**AIM OF THE EXERCISE**.
Though the entries contain pictures, the copy you make should hold only the rest, exactly as written.

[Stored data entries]
-----

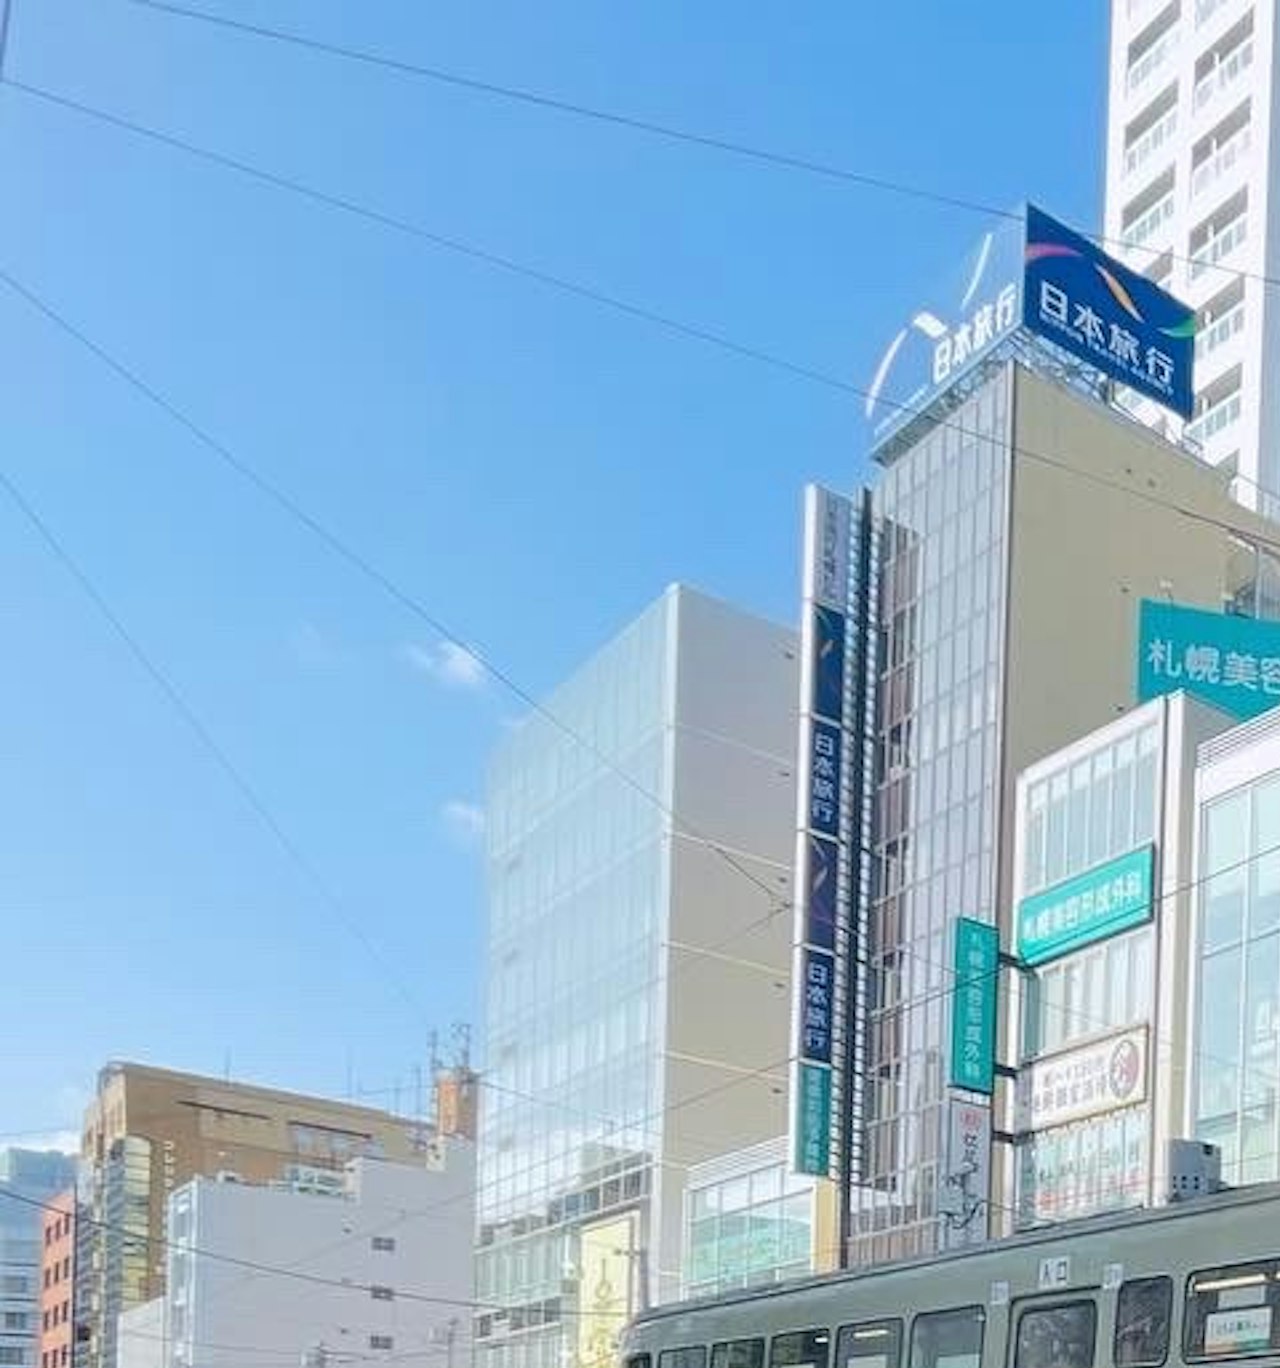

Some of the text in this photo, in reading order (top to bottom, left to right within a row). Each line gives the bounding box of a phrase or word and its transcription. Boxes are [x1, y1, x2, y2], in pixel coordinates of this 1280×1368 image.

[933, 284, 1016, 384] 日本旅行
[1039, 280, 1175, 385] 日本旅行
[812, 732, 834, 823] 日本旅行
[806, 962, 829, 1048] 日本旅行

-----

**TASK OUTPUT**.
Some of the text in this photo, in reading order (top to bottom, left to right within a row). Each line gives the bounding box of a phrase or word and its transcription. Boxes are [x1, y1, x2, y2], in pixel coordinates of this 1280×1368 image.

[933, 284, 1016, 384] 日本旅行
[1039, 280, 1175, 385] 日本旅行
[812, 732, 834, 823] 日本旅行
[806, 962, 829, 1048] 日本旅行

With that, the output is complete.